◆ WORK REQUEST:
All of the records below must be output exactly, with no pictures carried over.

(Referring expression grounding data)
-- Opening Marker --

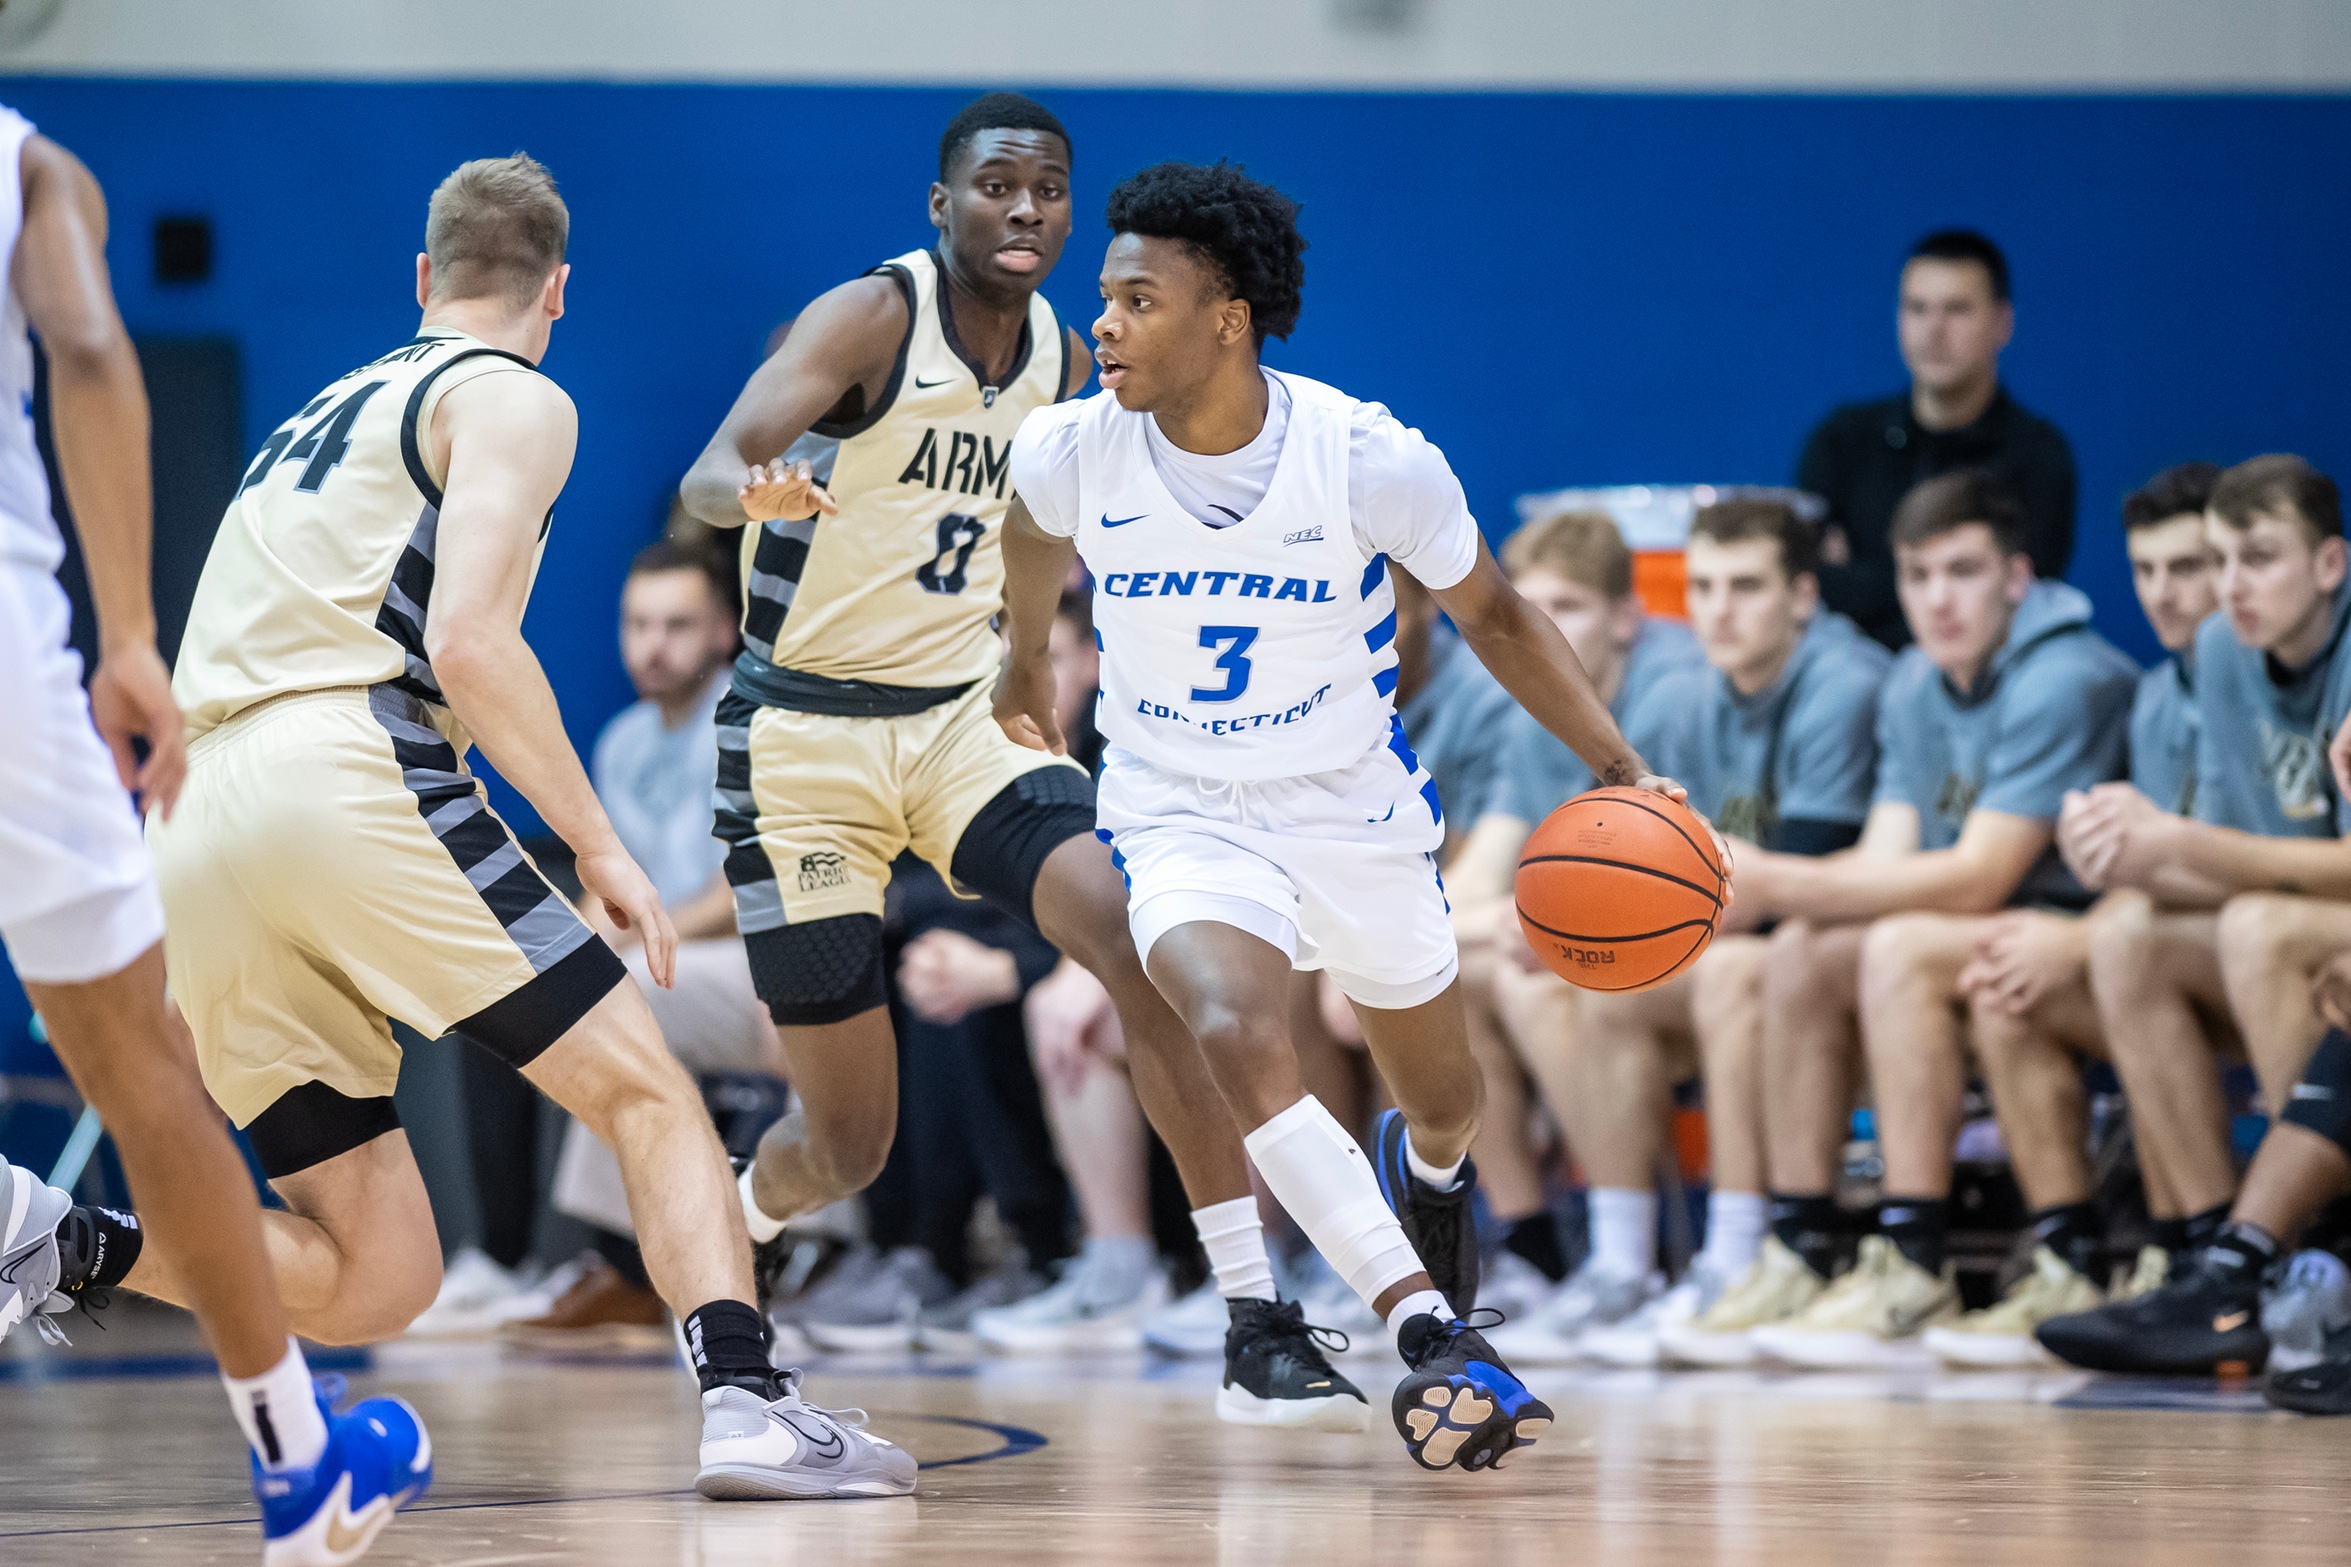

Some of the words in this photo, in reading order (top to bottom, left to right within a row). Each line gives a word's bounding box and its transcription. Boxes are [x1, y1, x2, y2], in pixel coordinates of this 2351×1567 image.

[898, 428, 1019, 501] ARM
[915, 512, 987, 596] 0
[1283, 525, 1323, 544] NEC
[1104, 571, 1338, 603] CENTRAL
[1188, 625, 1261, 705] 3
[1561, 944, 1616, 964] ROCK

-- Closing Marker --

◆ SOLVED PROBLEM:
Some of the words in this photo, in reading order (top to bottom, left to right within a row). Each line gives a word's bounding box and its transcription. Boxes are [x1, y1, x2, y2], in pixel coordinates of this 2351×1567 image.

[898, 428, 1019, 501] ARM
[915, 512, 987, 596] 0
[1283, 525, 1323, 544] NEC
[1104, 571, 1338, 603] CENTRAL
[1188, 625, 1261, 705] 3
[1561, 944, 1616, 964] ROCK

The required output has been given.